(Dataset entries)
►

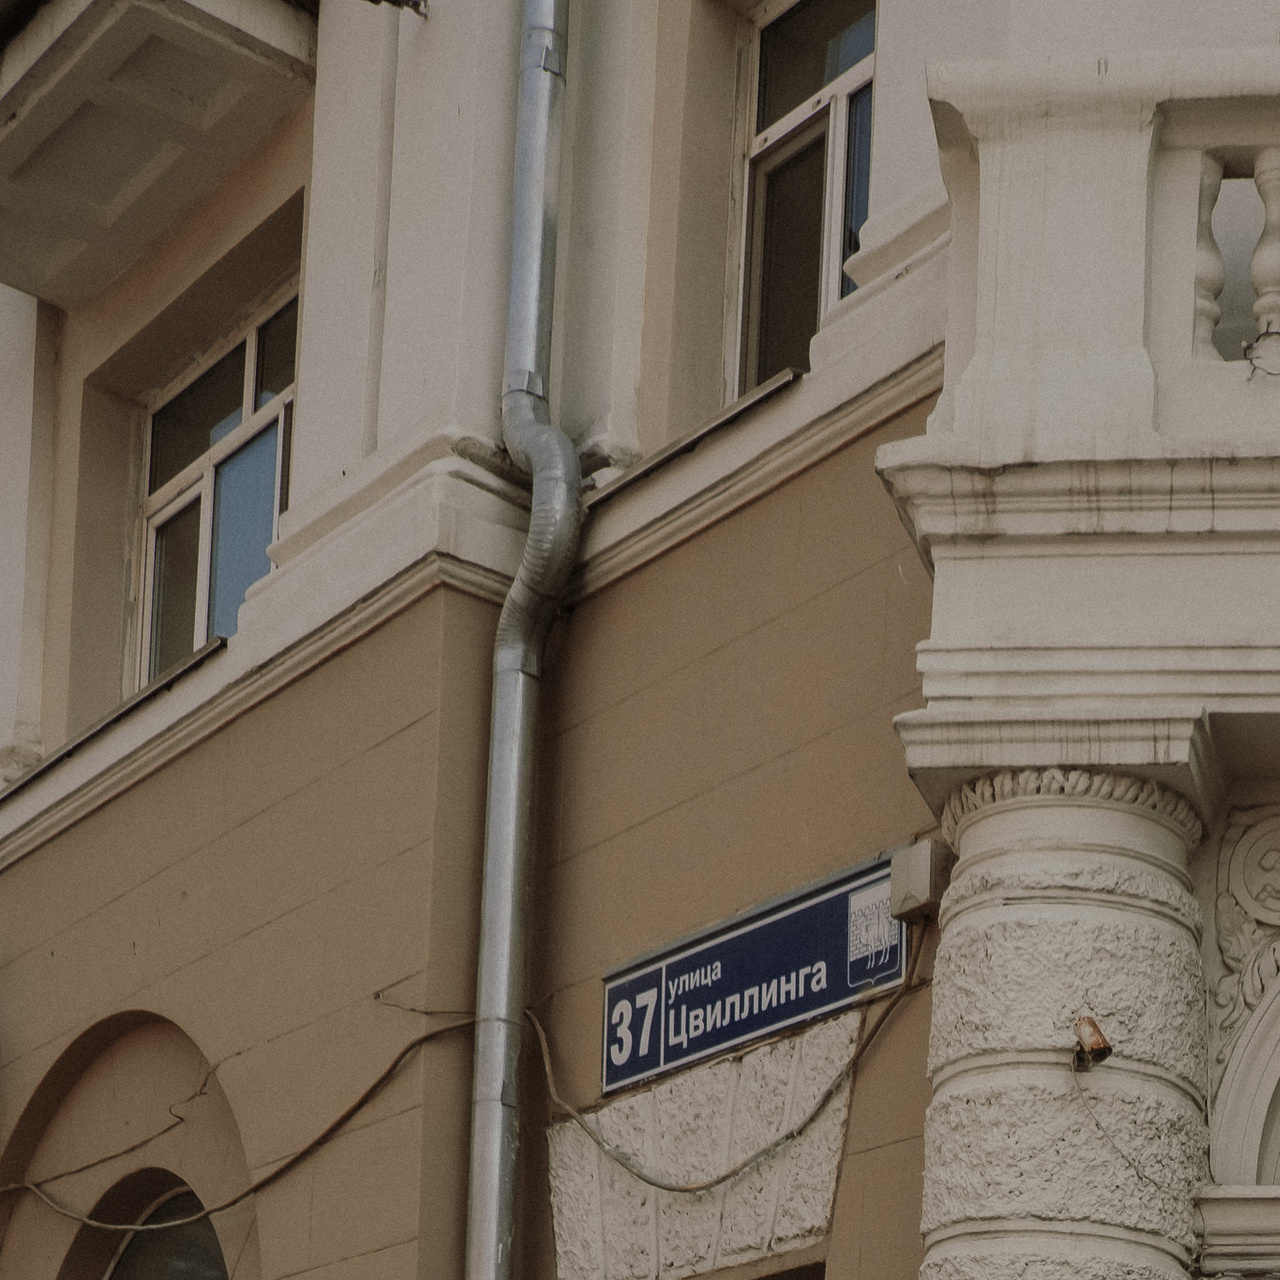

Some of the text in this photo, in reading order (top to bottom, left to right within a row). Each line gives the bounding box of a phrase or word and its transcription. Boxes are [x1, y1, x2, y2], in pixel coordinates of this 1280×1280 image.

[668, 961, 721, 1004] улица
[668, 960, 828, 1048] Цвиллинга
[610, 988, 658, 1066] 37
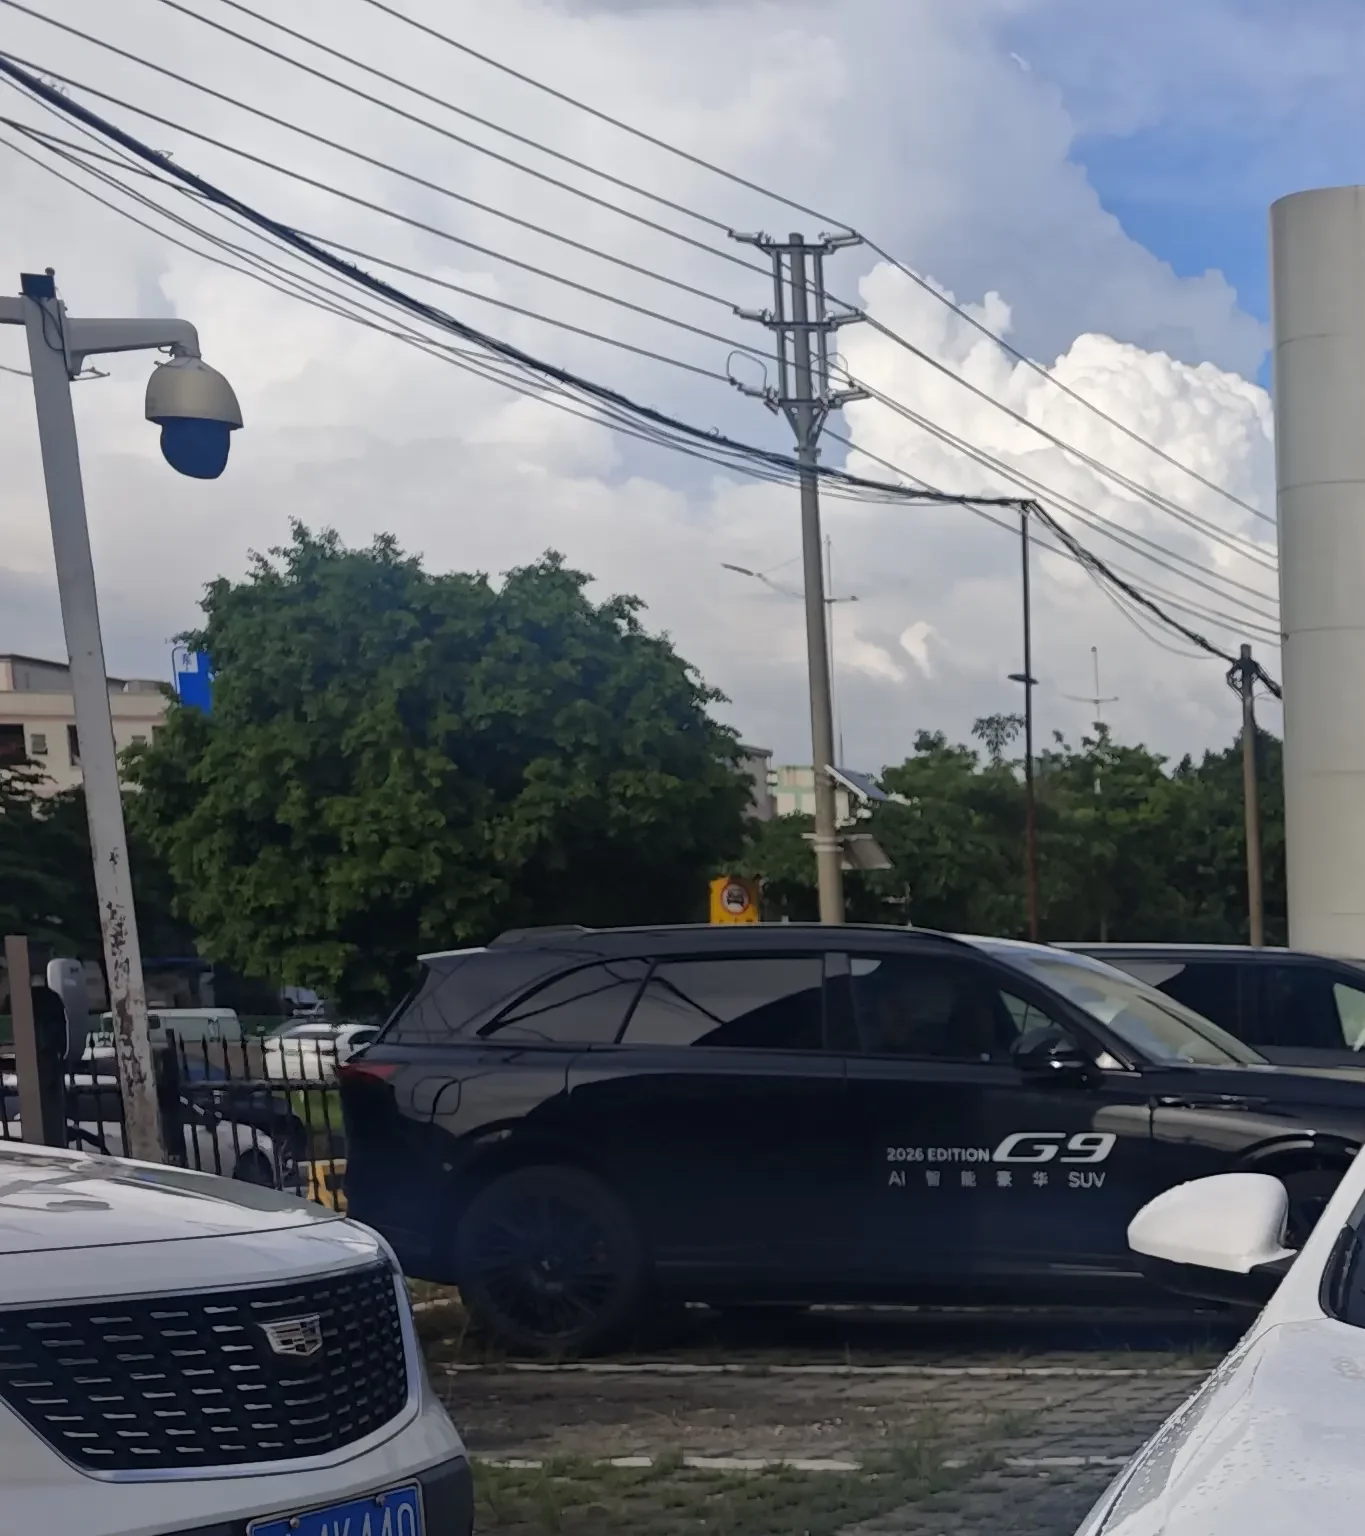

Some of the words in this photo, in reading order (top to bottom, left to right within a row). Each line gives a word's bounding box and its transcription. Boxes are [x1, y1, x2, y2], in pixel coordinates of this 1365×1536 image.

◄

Reproduce the data exactly as it appears above. Pictures are to be left out.

### RESULT BELOW
Some of the text in this photo, in reading order (top to bottom, left to right within a row). Each line gives the bounding box of a phrase or word and its transcription. Boxes are [x1, y1, x2, y2], in pixel coordinates of this 1280×1280 image.

[668, 961, 721, 1004] улица
[668, 960, 828, 1048] Цвиллинга
[610, 988, 658, 1066] 37

Some of the words in this photo, in reading order (top to bottom, left to right within a row). Each line gives a word's bounding box and its transcription. Boxes are [x1, y1, x2, y2], in pixel coordinates of this 1365×1536 image.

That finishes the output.